McClain v. Metabolife International, Inc., 401 F.3d 1233, 1243 (11th Cir. 2005) (citation omitted).  That’s precisely why expert testimony is required – so “that decision makers will not be misled by the post hoc ergo propter hoc fallacy − the fallacy of assuming that because a biological injury occurred after [an event], it must have been caused by [that event].”  Id. (citation and quotation marks omitted).

Nonetheless, Ahmed held, based solely on the engineering testimony about defect – that “in this case it is certainly a ‘natural inference’ that a juror could make through human experience that Plaintiff’s . . . damages concentrated in [her] right hip – proximately resulted from the Hip Implant having failed.”  2024 WL 693078, at *17.  The “supporting” citation, to Allison v. McGhan Medical Corp., 184 F.3d 1300 (11th Cir. 1999) (applying Georgia law), is anything but supportive, since Allison specifically held that lack of medical expert testimony (after Rule 702 exclusion) was fatal and required summary judgment in that case.  Allison, 184 F.3d at 1320 (“medical expert testimony was essential to prove causation in this case”).

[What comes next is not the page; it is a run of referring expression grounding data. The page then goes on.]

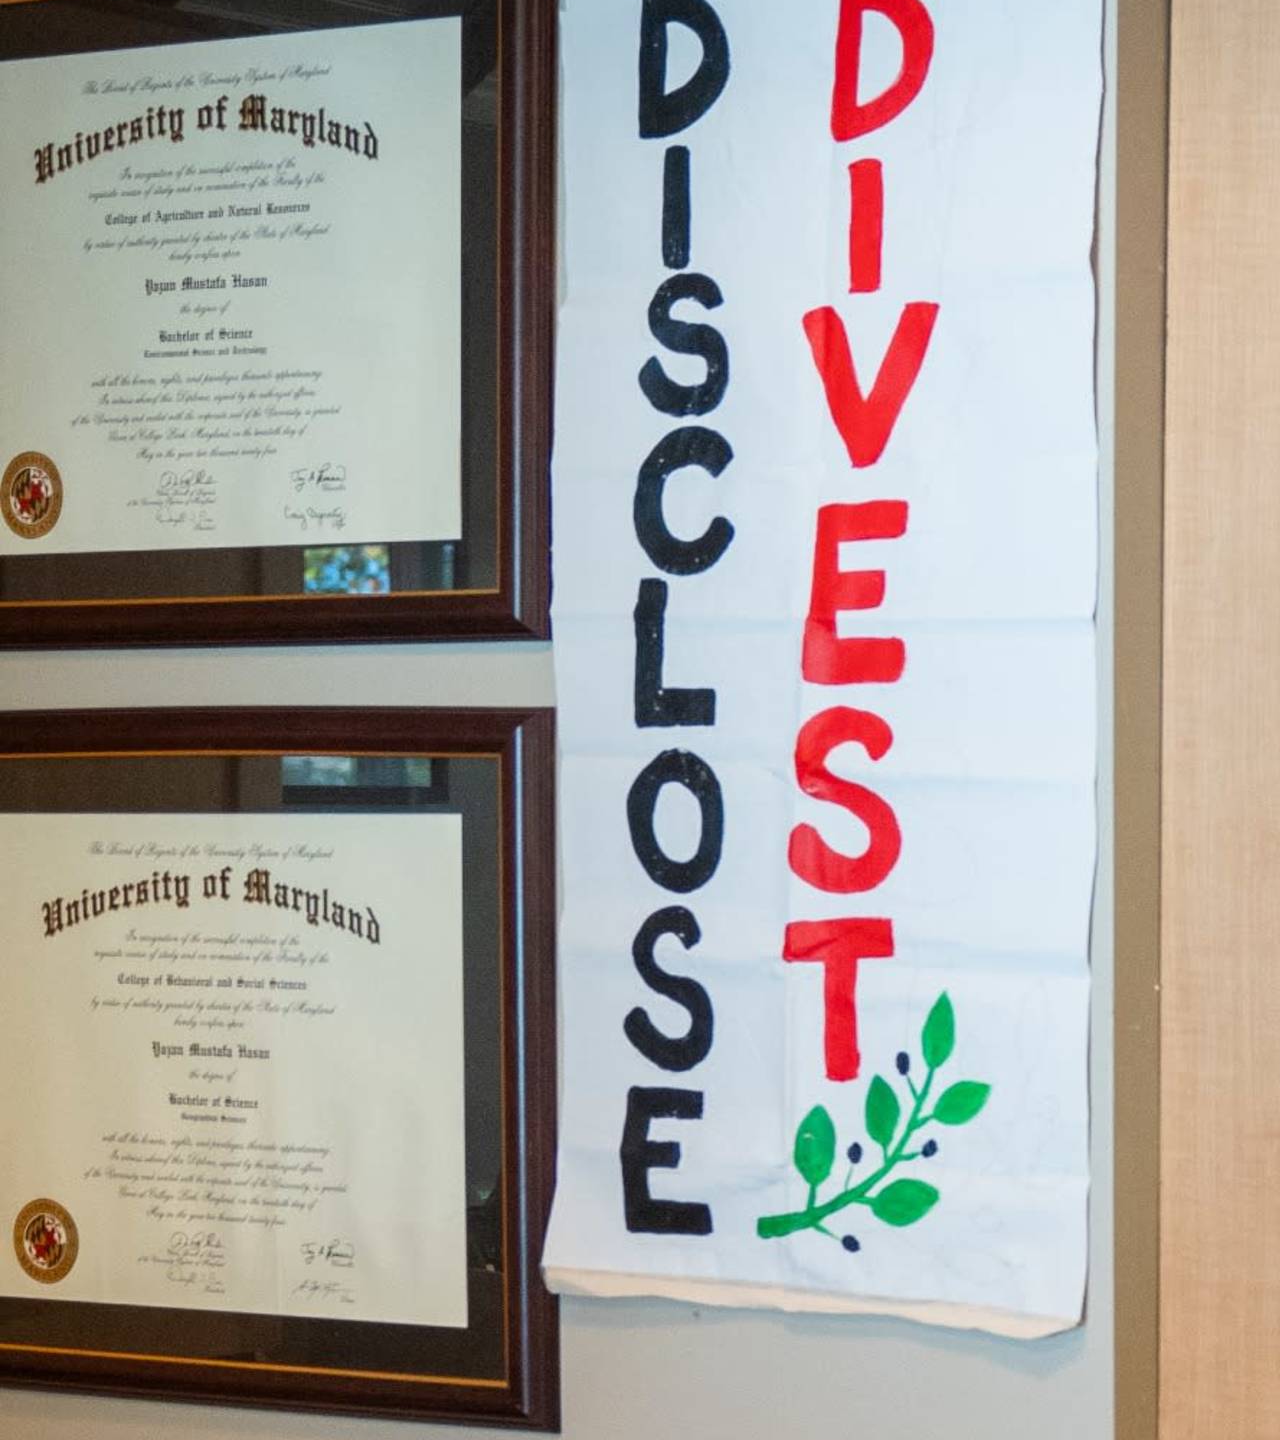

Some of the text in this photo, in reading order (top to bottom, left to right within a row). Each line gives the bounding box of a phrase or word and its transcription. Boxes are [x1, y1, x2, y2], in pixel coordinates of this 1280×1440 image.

[34, 93, 379, 185] University of Maryland
[105, 202, 310, 226] College of Agriculture and Natural Resources
[181, 276, 226, 291] Mustafa
[231, 274, 268, 288] Hasan
[159, 327, 253, 342] Bachelor of Science
[42, 866, 381, 945] University of Maryland
[117, 973, 307, 990] College of Behavioral and Social Sciences
[189, 1043, 232, 1058] Mustafa
[238, 1044, 270, 1059] Hasan
[169, 1093, 258, 1109] Bachelor of Science

This result in Ahmed – that a plaintiff can get to the jury without any medical expert at all in a case involving alleged injuries from an implanted medical device – appears both unprecedented and unsupported.  Even granting plaintiffs everything their engineering expert could opine:  that the device was “defective” and therefore could fail for the design reasons so stated, nothing excludes plaintiff’s fall the day before as the medical cause of the “eccentric” positioning that led to the revision surgery and what followed.

Aside from that huge error, however, not all of Ahmed was horrible.  Specifically, another aspect of the plaintiff’s same engineering expert’s testimony, concerning purported alternative designs, was excluded because none of them actually existed and had actually been tested for feasibility.  This was not a case where either the defendant, or a competitor, had brought any of the supposed alternatives to market.  Ahmed, 2024 WL 693078, at *9 (expert “was unable to reliably point to any specific competitor design”).  Given the lack of real world experience with the claimed alternatives, testing was a necessary part of the basis for that opinion:

[The expert] is excluded from testifying at trial regarding any alternative design proposals that may have been available to Defendants in manufacturing the allegedly defective [device].  It appears from the [record] that he merely conceptualized possibilities when suggesting changes to the [device design], which are an insufficiently reliable basis for proposing alternative designs.

Id. (citations and quotation marks omitted).  “[A]pplicable case law suggests that the failure to test a proposed alternative design or cite another’s testing of the design is fatal to the admissibility of said testimony.”  Id.  Plaintiff’s failure to establish any alternative design required dismissal of both plaintiff’s AEMLD and negligent design claims, for which an alternative design is an essential element.  Id. at *18.

That’s a nice enough secondary holding, but overall, the holding in Ahmed that a plaintiff can establish medical causation without any medical testimony was both wrong and unprecedented.